On se souvient de Pierre Lellouche, à Bercy, prenant ses fonctions de Secrétaire d'Etat au Commerce extérieur. C'était il y a un peu plus d'un an. Dans l'une de ses réponses interminables dont il a le secret, il reconnaissait volontiers que le Président de la République ne venait pas de lui confier la tâche la plus facile, au gouvernement. Une partie de son travail consiste à jouer les "VRP" à travers le monde. L'autre, à annoncer les mauvais chiffres du commerce extérieur. Mensuels, puis le bilan annuel, forcément mauvais. Pierre Lellouche a trouvé le "truc", apparemment: il communique sur le mode "c'est mieux que si c'était pire". Exemple, ce matin, dans le Figaro, à qui il révèle les chiffres 2011: "avec 69,6 milliards de déficit commercial", dit-il, "le bilan est moins mauvais qu'anticipé". La tendance est "à l'amélioration depuis 3 trimestres" poursuit-il, avant de reconnaître -difficile de faire autrement- que ce bilan reste mauvais, quand on le compare à l'excédent allemand, sur la même période: 157 millards. Il n'a pas le choix, en fait: tout au long de cette interview, accordée au Figaro, Pierre Lellouche opére cet aller-retour permanent, entre (petites) forces et (grandes) faiblesses de notre commerce extérieur. Grande faiblesse: notre dépendance énergétique (une facture de 62 milliards, en 2011). Un autre point faible: notre immense déficit avec la Chine. D'une façon générale, affirme de Secrétaire d'Etat, "nous ne profitons pas assez de la croissance rapides des pays émergents". Mais -"petite" bonne nouvelle-: nous avons cessé, affirme Pierre Lellouche, de perdre des parts de marché. 117 mille entreprises ont vendus des produits (français) à l'étranger l'année dernière, "c'est le même nombre qu'en 2010". Nos exportations ont progressé de 8,6%: "c'est l'équivalent de 90 mille emplois", poursuit le Secrétaire d'Etat, qui n'oublie pas de faire un peu de politique: "les grands contrats ont fortement augmenté en 2011 (+36%), "l'implication du Président de la République n'y est évidemment pas pour rien". Depuis 5 ans (période prise au hasard), "près de 131 milliards de grands contrats ont été signés, ce qui est mieux que tout ce qui a été réalisé pendant les 7 annnées précédentes" (sous Chirac, donc). Pierre Lellouche fixe, en fin, un cap: avec Oséo, le Fonds stratégique, la taxe professionnelle réformée, la TVA sociale à venir, "dans 5 ans (nouvelle période prise au hasard): "notre balance commerciale peut revenir à l'équlibre".
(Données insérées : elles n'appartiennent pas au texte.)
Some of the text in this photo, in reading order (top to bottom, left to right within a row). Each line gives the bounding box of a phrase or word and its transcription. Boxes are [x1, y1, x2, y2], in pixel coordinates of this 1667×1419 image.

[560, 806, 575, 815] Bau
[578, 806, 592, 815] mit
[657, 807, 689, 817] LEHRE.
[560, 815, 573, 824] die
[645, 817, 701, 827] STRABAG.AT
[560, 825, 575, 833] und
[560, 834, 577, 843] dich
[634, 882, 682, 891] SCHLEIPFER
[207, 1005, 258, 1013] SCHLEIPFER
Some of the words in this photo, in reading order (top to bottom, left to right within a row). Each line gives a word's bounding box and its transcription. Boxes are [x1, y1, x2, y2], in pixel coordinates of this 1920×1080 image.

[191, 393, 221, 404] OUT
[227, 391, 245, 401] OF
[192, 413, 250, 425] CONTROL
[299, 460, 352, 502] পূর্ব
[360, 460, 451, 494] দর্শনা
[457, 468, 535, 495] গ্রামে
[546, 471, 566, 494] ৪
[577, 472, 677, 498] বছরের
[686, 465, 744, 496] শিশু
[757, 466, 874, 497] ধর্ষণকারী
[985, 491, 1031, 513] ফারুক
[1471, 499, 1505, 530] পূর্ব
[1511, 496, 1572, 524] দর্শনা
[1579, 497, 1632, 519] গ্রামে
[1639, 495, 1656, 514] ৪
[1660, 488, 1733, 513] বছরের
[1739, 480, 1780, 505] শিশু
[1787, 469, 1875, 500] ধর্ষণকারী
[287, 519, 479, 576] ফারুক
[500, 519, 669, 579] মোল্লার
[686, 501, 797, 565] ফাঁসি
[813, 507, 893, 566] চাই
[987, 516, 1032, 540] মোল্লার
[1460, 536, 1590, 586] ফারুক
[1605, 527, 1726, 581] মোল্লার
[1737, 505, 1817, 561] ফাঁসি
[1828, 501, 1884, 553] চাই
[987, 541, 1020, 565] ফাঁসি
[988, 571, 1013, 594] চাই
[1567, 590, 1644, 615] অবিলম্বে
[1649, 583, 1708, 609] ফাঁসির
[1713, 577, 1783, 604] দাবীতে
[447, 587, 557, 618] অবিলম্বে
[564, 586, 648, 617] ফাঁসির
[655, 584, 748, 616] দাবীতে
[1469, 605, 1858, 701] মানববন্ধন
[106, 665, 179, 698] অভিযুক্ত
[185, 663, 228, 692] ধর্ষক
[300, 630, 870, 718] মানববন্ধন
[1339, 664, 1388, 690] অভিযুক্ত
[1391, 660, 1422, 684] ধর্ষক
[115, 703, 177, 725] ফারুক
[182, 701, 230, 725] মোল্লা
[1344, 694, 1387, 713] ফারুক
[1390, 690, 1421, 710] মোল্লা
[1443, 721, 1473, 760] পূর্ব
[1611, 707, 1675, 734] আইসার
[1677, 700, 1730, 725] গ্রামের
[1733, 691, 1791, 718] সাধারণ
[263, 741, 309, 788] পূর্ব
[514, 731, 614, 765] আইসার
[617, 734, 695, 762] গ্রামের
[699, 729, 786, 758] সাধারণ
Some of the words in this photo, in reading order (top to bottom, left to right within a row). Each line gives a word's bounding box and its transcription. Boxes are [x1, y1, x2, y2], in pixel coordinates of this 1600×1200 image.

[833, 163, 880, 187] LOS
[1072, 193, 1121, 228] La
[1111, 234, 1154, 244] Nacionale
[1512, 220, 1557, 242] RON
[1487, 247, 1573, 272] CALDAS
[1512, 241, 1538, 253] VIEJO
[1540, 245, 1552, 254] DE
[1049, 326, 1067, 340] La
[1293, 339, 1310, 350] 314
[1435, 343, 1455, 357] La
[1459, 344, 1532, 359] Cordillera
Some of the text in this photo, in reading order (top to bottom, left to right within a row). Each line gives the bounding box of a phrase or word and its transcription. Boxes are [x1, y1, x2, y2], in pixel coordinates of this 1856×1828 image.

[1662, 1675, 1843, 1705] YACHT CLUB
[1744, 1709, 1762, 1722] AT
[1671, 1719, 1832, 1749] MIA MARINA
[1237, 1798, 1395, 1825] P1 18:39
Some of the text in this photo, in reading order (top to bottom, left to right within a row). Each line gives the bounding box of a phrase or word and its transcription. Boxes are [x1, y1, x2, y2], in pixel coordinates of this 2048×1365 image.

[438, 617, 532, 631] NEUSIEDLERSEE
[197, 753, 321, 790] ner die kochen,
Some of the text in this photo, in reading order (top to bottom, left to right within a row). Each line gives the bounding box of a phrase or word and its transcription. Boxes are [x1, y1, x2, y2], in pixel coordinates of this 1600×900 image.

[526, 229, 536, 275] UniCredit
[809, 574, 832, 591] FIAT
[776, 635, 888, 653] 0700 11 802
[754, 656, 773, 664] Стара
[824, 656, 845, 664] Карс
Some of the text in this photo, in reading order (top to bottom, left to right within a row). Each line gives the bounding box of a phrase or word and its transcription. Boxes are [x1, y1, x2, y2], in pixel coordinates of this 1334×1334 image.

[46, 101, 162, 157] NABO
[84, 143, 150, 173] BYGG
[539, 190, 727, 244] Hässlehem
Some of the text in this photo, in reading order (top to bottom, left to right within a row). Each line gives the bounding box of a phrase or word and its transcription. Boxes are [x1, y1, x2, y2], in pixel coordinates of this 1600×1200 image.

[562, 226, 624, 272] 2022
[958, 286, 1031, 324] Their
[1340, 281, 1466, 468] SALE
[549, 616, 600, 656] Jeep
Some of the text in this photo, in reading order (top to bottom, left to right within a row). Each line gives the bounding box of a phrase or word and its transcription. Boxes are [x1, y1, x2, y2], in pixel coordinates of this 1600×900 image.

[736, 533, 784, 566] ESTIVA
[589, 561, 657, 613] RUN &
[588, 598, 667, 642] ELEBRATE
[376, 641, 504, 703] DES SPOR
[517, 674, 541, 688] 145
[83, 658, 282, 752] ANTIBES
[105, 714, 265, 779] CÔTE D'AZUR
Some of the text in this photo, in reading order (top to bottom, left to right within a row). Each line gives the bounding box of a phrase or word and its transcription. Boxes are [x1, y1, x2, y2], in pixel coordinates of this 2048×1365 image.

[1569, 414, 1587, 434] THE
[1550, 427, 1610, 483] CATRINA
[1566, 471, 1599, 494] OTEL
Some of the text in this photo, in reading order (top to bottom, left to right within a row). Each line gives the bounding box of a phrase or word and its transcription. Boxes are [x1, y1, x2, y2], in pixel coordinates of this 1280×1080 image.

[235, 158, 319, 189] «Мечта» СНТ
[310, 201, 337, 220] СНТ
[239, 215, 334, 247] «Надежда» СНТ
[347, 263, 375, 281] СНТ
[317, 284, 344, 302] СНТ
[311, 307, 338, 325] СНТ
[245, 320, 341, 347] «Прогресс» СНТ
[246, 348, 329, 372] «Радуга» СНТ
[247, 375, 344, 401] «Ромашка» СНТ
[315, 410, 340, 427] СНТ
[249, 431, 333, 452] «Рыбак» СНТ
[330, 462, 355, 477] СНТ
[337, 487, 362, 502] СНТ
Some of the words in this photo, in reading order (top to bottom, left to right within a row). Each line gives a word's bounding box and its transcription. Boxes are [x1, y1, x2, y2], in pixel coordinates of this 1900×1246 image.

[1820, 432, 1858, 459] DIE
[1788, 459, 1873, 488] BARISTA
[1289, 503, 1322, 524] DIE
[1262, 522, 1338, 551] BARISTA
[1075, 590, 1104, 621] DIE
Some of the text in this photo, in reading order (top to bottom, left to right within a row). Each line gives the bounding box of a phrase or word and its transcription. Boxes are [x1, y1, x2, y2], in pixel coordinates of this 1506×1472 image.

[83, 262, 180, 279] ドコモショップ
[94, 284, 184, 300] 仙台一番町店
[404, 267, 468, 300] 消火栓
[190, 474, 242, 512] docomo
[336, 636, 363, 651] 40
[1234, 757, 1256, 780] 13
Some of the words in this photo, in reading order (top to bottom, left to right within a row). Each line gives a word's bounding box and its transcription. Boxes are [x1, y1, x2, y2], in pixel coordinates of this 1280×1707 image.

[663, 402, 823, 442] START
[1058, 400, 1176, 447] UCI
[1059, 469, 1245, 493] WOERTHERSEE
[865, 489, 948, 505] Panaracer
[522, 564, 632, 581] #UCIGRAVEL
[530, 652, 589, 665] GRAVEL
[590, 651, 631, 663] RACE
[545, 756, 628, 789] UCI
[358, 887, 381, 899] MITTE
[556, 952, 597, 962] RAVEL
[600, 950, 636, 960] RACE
Merci aux Anglais! Pour la première fois, ce sont les Britanniques qui ont été les premiers à nous vendre de l'électricité hier, pour "passer" cette journée délicate en matière de consommation électrique. 2 mille mégawatts sont venus du Royaume-Uni contre mille 800 d'Allemagne... l'Allemagne qui a gardé son électricité pour elle hier, confrontée au même grand froid que nous.Et aux Allemands? Grève générale, aujourd'hui, en Grèce comme les nouvelles d'austérité envisagées, notamment la réduction des salaires dans le privé, et la suppression de 15 mille postes, dans le public. Hier, Nicolas Sarkozy et Angela Merkel se sont montrés impatients de voir la Grèce accepter ces conditions, pour débloquer de nouveaux prêts.